The Southwest’s Four Corners: I’ve long been fascinated by this strikingly beautiful region of the American Southwest, so named because the corners of four states – Colorado, New Mexico, Arizona, and Utah – converge here. Beginning in Flagstaff, Arizona, this 525-mile route (via I-40, U.S. 191, etc.) will take you through such wonders as Petrified Forest National Park, Monument Valley, Mesa Verde National Park, and the ski resort town of Telluride, Colorado. For more information about the Four Corners region, consult Julian Smith’s Moon Four Corners guidebook.
California’s Pacific Coast Highway: Indeed one of the most scenic routes in the country – and one of the most accessible – is the Pacific Coast Highway, known regionally as the PCH. The 522-mile stretch between Dana Point and San Francisco is particularly beautiful, offering access to numerous beaches and state parks, several sun-loving towns (such as Santa Monica, Santa Barbara, and Monterey), and various historic sites, including the San Juan Capistrano Mission and Hearst Castle. For more information about California, consult Liz Hamill Scott’s Moon California guidebook.
Washington’s Olympic Peninsula: Situated just west of Seattle, marked by snow-capped mountains and old-growth forests, and protected, at least in part, as Olympic National Park, this majestic peninsula is still one of the most untamed regions left in America. Starting in Seattle, follow the 330-mile loop (via Hwy. 101 and Hwy. 12) to explore quiet towns and gorgeous destinations, such as Port Angeles, Lake Crescent, and the Hoh Rain Forest. For more information about the Olympic Peninsula, consult Ericka Chickowski’s Moon Washington guidebook.
The Black Hills of South Dakota: For a history buff and outdoor enthusiast like me, the southwestern corner of South Dakota offers a surprising number of Wild West towns, historic landmarks, and dramatic landscapes. On a circuitous, 350-mile route that mainly follows I-90 and Highway 16, you’ll find places like Badlands National Park, the Mount Rushmore National Monument, and the once-legendary town of Deadwood.

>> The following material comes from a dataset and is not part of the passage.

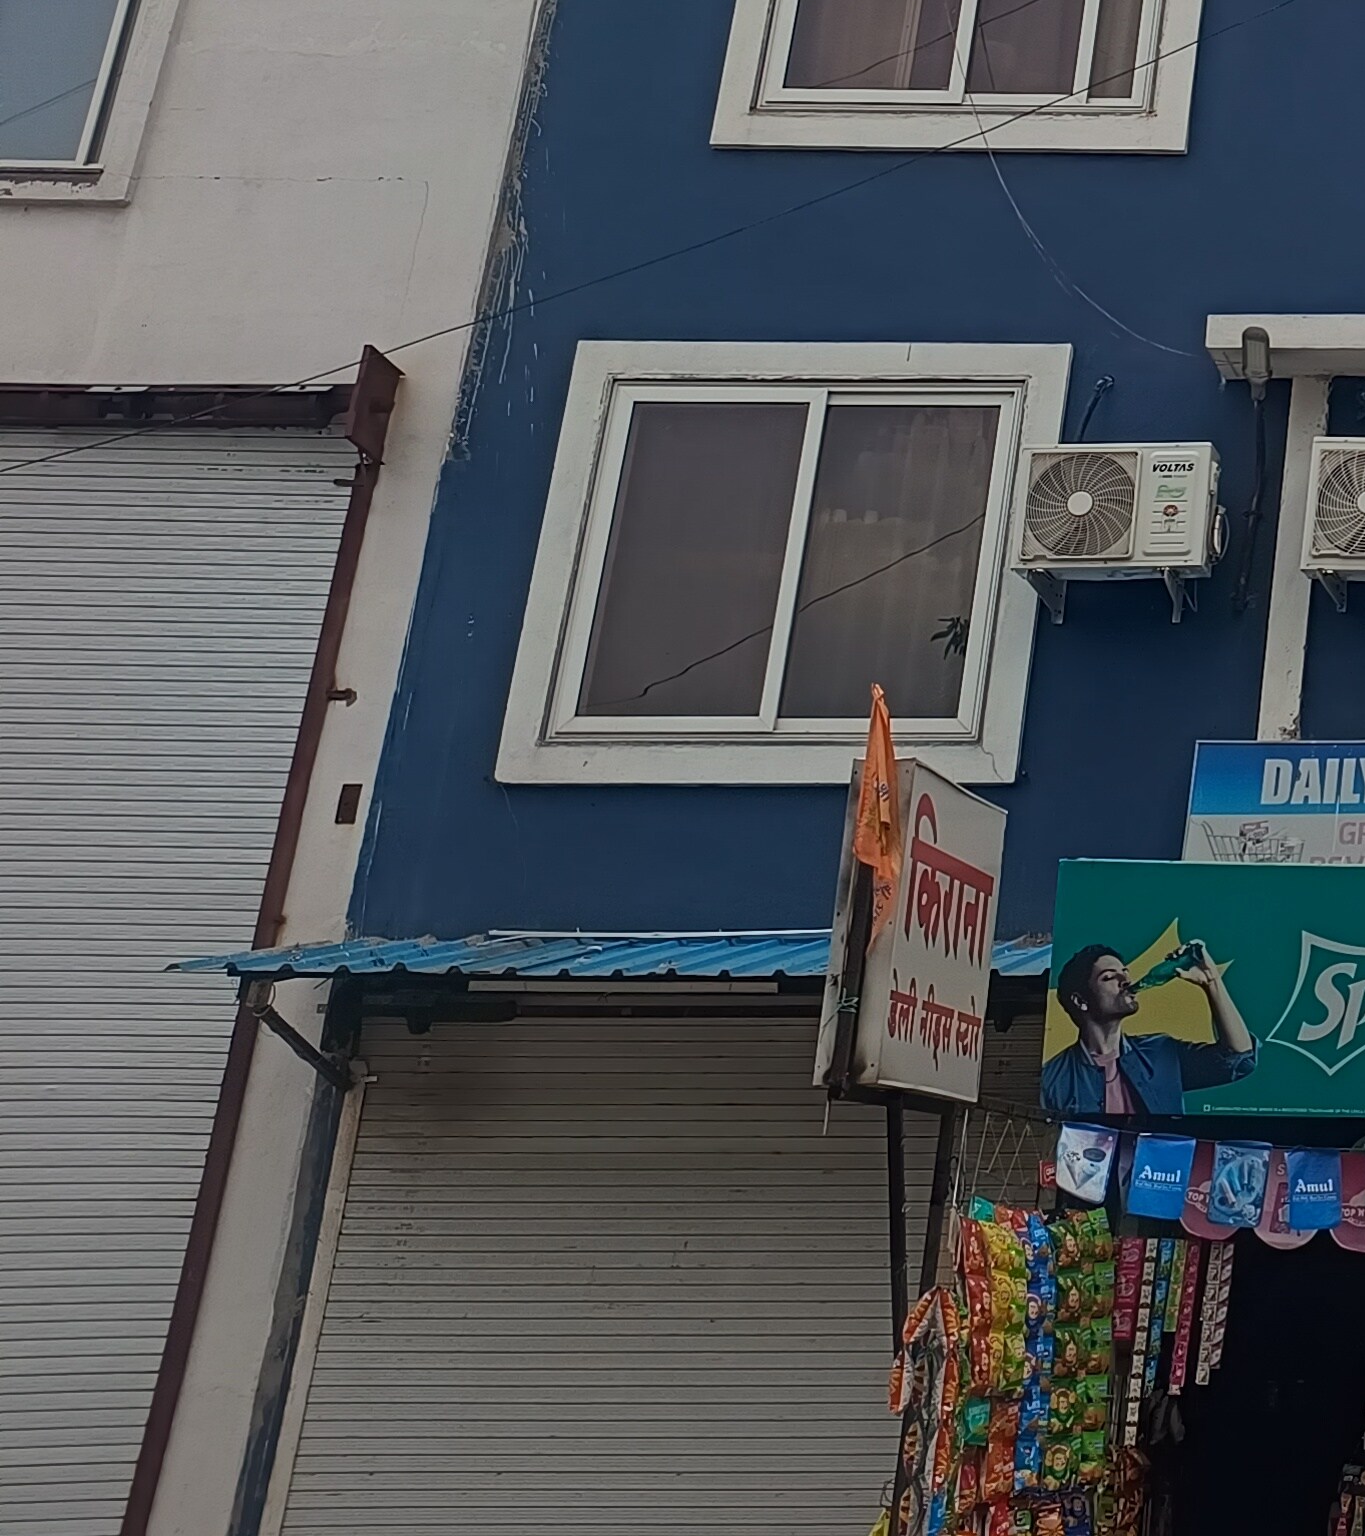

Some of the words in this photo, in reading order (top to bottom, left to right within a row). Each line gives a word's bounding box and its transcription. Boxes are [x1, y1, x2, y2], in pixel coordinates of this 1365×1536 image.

For more information about South Dakota, consult Laural A. Bidwell’s Moon Mount Rushmore & the Black Hills guidebook.
Michigan’s Shipwreck Coast: Although I’ve written more often about the Lower Peninsula of the Great Lakes State, I’m just as enamored by the windswept beaches, massive forests, and multicolored cliffs of the Upper Peninsula. By following a series of small routes along unforgiving Lake Superior (where hundreds of ships have met their end), you’ll encounter several worthy attractions from Marquette to Whitefish Point, including the Marquette Maritime Museum, Pictured Rocks National Lakeshore, Tahquamenon Falls State Park, and the Great Lakes Shipwreck Museum. For more information about the Upper Peninsula of Michigan, consult Josh Bishop’s Moon Michigan’s Upper Peninsula guidebook.
So, which road trip route would you add to this list? One of the 29 others suggested by National Geographic–or another route altogether?